Tool for generating ivy around a given piece of geometry. The implementation is based-off Virtual climbing plants competing for space by Bedřich Beneš (2002). Written for an industry masterclass using Fabric Engine. This should grant us DCC-agnosticism out-of-the-box, but the GUI is only compatible with Maya.
- Fabric Engine: 1.13.0
- Maya: 2014
Simply clone the repo and add the ext
directory to the FABRIC_EXTS_PATH
environment variable.
Copy the files from inside the maya
directory to your maya/<VERSION>-x64/scripts
folder and
set up a shelf button to open the GUI to the Fabric Splice node (an icon is provided in the
images
directory). Add the following Python code to the shelf button:
import FabricVegetation
FabricVegetation.FVegetationUI()
Various options in the GUI are explained in the following list. These values are also referenced in the documentation although under slightly different names.
- Distribution angle: Conical angle within which the bud may grow at each step.
- Distribution samples: Number of random positions the bud will evaluate against at each step. The higher the value, the more accurate the growth.
- Bud chance: Chance for an inactive lateral bud to grow along a branch for traumatic reiteration-sakes.

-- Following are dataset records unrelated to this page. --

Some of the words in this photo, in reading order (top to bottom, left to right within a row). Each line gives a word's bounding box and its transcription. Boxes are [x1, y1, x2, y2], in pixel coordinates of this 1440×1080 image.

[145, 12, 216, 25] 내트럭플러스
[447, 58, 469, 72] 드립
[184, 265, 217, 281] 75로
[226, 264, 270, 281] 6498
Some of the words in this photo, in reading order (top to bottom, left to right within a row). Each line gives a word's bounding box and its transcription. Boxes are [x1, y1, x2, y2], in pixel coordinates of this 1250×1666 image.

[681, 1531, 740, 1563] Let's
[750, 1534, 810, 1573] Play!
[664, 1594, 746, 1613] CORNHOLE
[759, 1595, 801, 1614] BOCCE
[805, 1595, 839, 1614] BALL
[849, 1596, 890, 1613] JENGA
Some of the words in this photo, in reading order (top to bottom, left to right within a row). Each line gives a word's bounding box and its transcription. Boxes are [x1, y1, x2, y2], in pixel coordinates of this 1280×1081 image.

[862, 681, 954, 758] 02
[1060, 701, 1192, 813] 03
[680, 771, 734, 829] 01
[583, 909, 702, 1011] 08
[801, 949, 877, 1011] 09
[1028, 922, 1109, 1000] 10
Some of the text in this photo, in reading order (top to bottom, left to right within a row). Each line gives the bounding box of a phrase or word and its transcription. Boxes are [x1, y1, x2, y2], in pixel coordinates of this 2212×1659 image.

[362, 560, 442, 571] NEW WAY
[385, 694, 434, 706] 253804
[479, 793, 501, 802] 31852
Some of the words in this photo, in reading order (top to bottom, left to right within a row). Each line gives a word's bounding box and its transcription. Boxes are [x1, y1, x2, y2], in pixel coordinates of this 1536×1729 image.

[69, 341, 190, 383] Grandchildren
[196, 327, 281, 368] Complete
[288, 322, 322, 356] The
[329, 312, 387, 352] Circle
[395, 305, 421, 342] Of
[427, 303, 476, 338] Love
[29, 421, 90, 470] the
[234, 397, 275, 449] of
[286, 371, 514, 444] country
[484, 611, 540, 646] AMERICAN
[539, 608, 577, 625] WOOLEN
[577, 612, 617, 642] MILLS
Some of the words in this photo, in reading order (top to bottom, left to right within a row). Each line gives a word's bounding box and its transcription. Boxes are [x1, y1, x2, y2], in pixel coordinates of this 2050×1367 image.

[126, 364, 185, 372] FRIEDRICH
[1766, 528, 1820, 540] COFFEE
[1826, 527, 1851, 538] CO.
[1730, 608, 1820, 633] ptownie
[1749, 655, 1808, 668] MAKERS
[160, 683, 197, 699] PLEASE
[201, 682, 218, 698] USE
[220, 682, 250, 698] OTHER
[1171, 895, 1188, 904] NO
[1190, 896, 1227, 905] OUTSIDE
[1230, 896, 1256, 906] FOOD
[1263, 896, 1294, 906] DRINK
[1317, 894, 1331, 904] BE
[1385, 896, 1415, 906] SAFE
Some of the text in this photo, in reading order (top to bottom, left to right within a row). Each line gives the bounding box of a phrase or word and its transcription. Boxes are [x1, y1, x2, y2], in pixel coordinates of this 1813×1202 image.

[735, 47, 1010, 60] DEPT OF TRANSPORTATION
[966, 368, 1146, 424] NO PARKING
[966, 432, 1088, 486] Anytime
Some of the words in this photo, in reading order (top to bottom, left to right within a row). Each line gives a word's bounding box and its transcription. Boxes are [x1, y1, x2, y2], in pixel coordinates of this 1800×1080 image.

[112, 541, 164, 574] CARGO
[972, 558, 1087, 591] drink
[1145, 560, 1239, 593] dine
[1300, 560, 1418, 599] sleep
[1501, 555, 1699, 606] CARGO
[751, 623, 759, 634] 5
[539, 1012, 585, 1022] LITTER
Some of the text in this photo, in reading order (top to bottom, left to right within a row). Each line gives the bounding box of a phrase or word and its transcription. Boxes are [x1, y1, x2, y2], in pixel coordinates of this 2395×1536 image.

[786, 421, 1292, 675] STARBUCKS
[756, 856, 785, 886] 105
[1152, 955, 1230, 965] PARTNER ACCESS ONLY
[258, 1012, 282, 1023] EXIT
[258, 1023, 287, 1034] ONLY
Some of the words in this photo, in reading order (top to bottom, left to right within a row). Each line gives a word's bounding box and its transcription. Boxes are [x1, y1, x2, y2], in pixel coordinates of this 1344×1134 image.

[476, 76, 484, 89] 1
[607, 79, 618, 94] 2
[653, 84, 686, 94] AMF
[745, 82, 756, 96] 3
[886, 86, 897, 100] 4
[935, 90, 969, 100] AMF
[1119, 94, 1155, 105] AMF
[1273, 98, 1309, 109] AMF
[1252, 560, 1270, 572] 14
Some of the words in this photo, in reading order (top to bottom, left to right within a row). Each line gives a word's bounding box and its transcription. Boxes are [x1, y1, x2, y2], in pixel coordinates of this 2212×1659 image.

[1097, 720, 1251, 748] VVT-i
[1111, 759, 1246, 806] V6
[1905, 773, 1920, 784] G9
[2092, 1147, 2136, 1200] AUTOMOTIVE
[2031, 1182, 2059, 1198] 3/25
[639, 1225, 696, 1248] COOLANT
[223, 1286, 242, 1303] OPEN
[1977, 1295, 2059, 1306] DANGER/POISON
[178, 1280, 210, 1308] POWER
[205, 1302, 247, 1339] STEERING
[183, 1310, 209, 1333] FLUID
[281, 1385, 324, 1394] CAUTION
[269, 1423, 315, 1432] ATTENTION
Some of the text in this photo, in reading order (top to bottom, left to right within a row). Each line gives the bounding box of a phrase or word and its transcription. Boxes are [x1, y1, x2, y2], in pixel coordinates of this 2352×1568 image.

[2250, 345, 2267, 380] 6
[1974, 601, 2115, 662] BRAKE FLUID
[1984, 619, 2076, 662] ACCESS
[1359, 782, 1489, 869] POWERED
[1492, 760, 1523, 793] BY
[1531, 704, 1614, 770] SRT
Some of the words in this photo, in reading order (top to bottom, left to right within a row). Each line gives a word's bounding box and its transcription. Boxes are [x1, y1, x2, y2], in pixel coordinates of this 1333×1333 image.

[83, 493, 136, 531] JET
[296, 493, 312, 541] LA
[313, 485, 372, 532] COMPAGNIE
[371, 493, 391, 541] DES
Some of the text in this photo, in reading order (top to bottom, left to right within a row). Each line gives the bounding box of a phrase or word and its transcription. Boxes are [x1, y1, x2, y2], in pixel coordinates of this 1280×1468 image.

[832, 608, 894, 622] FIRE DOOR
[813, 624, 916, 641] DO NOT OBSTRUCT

- Bud active chance: Chance for an inactive bud to activate upon being created, so as to achieve branching.
- Leaf chance: Chance for a leaf to be created at each step, per-branch.
- Min increment size: Minimum distance each active bud has to grow per-step.
- Max increment size: Maximum distance each active bud can grow per-step.
- Increment steps: Number of iterations of growth to simulate.
- Max thickness: Maximum radius of the branching.
- Leaf size: Size of each plane geometry for the leaves.
- Quadratic falloff lights: Whether the lights should have a quadratic falloff or not (does not work too well at the moment).
- The GUI is quite rudimentary, it was done quickly and dirtily with Maya GUI commands.
- Sunlight does not work entirely as expected.
- The "clear seeds" and "clear lights" buttons disconnect all seeds and lights, but do not clean
the
fabricVegetation
node's multi-array indices. This causes any new seeds/lights to have a bad naming convention and incorrect connections. - The leaves are generally in the correct direction, but there are cases where they may seem to be less random than desired, i.e. on a large flat surface, the sizes also need to be randomized.
- There are occasional collisions with the environment geometry and the vegetation itself.
- Leaves do not have psuedo-collision detection like the ivy.
- When there are no lights in the scene there is a strange bug that makes the vine grow wildly, nearly disregarding the environment geometry.
Benes, B. and Millan, E. (2002). Virtual climbing plants competing for space. Proceedings of Computer Animation 2002 (CA 2002).